The malloc call is allocating space for 64 pointers of uninitialized memory. Then, you are using tata as a double indirection pointer. That's it:

• tata points to the start of the 64 pointers.
• tata[5] is the sixth element of the malloc d block, and since tata has type char** , tata[5] has type char* : a pointer with garbage.
• tata[5][5] is the sixth element pointed from the start of tata[5] . But since tata[5] is garbage, tata[5][5] is a random element in your memory space.

Answer 2

Yes, it is definitely possible. But you'll have to do more.

You have an array of void s named toto :

void *toto = malloc(8 * sizeof(char *) * 8);

In other words - toto is a pointer to a piece of memory containing 8 * sizeof(char *) * 8 voids - you've probably thought that because computation suggests it is an array of pointers, the compiler will figure it itself. It won't - what a compiler sees is something like this:

void *toto = malloc(64);

therefore you'll end up with a 1-dimensional "flat" array where each element is a void .

Now you cast it:

char  **tata = (char **)toto;

and it's all good so far.
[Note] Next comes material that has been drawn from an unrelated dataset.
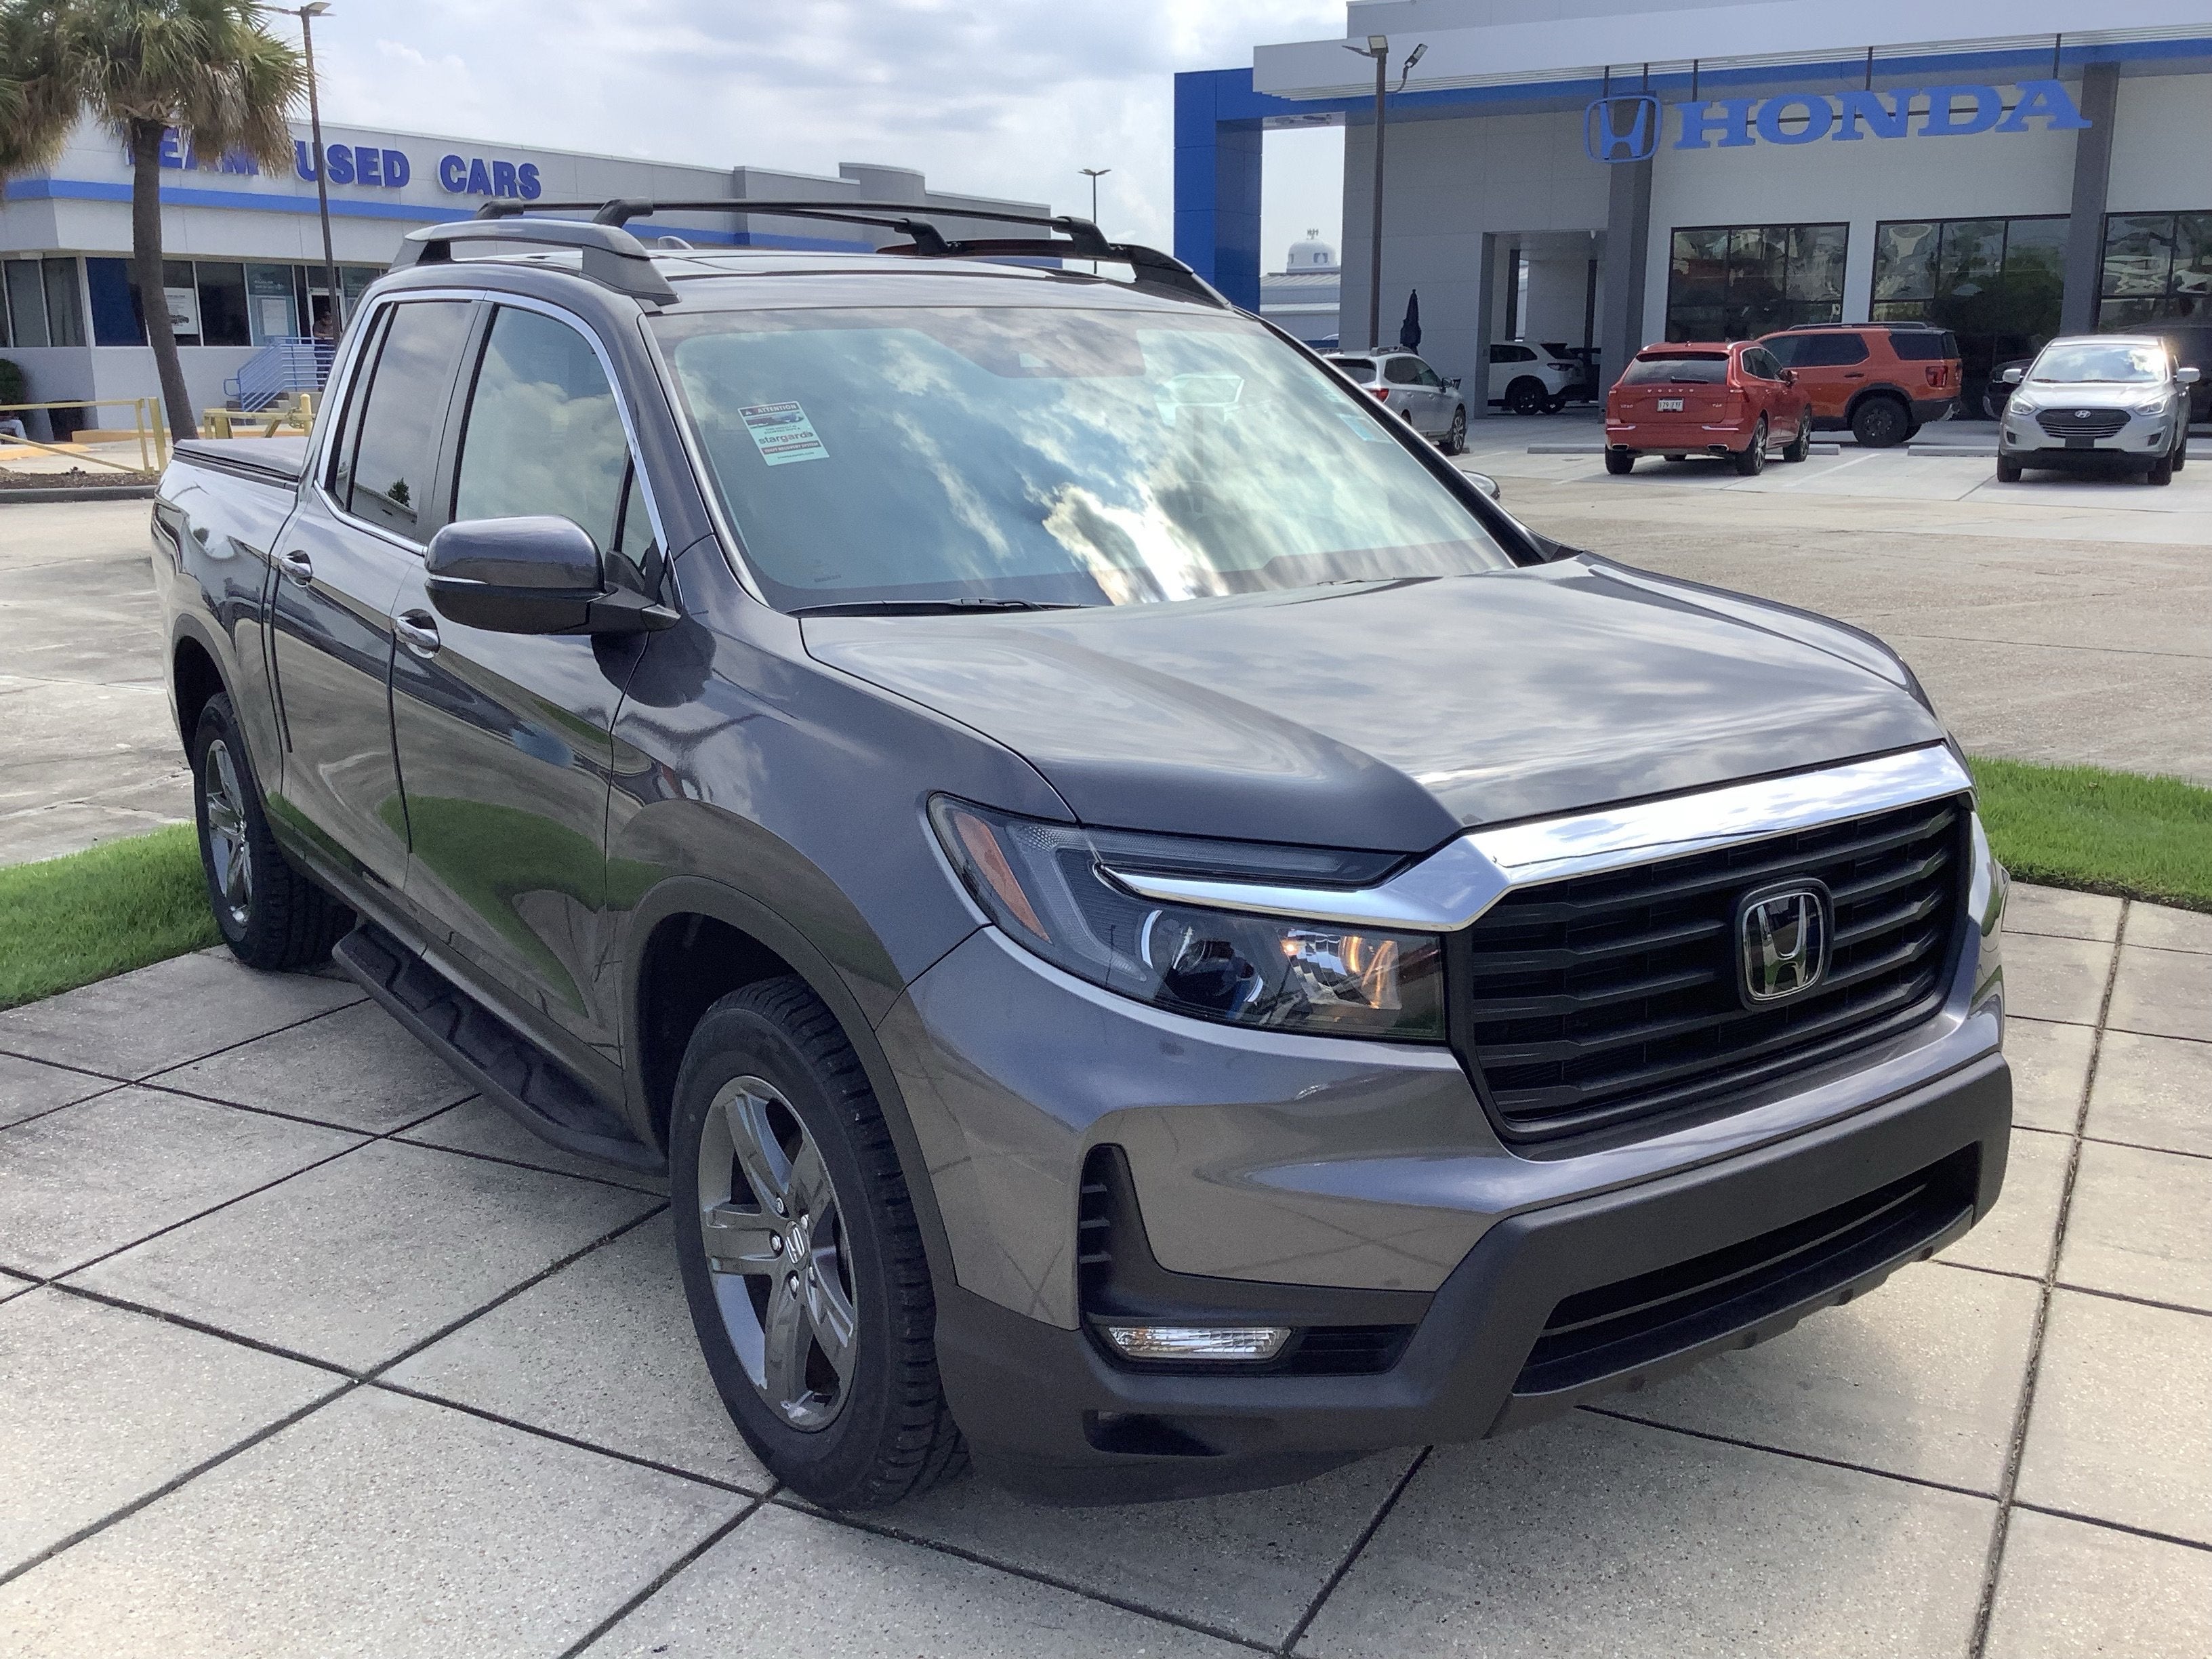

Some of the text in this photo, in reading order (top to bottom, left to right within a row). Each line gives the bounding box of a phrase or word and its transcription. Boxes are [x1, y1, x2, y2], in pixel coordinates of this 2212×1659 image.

[1674, 79, 2092, 150] HONDA
[294, 140, 410, 188] USED
[440, 154, 542, 200] CARS
[758, 404, 796, 413] ATTENTION
Now you have tata which points to an array of pointers to char arrays which is not initialized . The type of tata[5] is *char .

So when you do:

tata[5][5] = 'a';

you're:

1. accessing that array of pointers ( tata ) - ok
2. accessing 6th (indexing from 0) pointer tata[5] - ok
3. but tata[5] is not initialized and contains either NULL or some garbage
4. acessing 6th element of *tata[5] - SEGFAULT , because it's not valid pointer

What you must do is:

• initialize toto to how many "rows" you need in resulting matrix
• manually create all those end arrays yourself

So it could look like this:

void *toto = malloc(8 * sizeof(char *)); /* assuming 8 rows */
char **tata = (char **)toto;
int i;
for (i = 0; i < 8; i++) {
  tata[i] = (char*)malloc(8 * sizeof(char)); /* assuming 8 columns */
}
tata[5][5] = 'a'; /* all is well now */

Which would compile and run without SEGFAULT.
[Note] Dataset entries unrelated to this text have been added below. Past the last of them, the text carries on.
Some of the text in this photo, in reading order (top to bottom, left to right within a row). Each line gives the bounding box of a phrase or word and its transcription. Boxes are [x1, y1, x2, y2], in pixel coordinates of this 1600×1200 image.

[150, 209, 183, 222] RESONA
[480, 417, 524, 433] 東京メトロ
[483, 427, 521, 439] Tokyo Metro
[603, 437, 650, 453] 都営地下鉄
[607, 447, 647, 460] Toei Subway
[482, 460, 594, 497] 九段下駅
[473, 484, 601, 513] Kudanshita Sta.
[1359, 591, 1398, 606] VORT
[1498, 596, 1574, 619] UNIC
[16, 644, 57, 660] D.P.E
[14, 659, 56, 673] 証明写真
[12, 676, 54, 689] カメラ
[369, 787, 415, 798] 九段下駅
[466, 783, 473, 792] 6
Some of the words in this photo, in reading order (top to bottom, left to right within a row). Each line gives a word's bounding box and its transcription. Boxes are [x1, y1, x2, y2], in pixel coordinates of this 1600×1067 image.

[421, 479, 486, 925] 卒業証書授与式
I also suggest doing the cast before malloc and using constants for numbers of rows and columns, which will give us this:

int num_rows = 8;
int num_cols = 8;
char **tata = (char**)malloc(num_rows * sizeof(char*));
int i;
for (i = 0; i < num_rows; i++) {
  tata[i] = (char*)malloc(num_cols * sizeof(char));
}
tata[5][5] = 'a';

Answer 3

It is possible to cast void * to any pointer type. Indeed, if it weren't you couldn't use malloc to allocate very well, since its return value is of type void * .

Of course the area of memory pointed to by the void * must still be valid for its use, ie, large enough and aligned correctly. (In case of malloc the returned memory is correctly aligned for “any use”, at least as far a standard C is concerned.)

The bug in your code is here:

tata[5][5] = 'a'

You are dereferencing the 6th pointer to char * counting from the start of malloc ed block, which is uninitialised.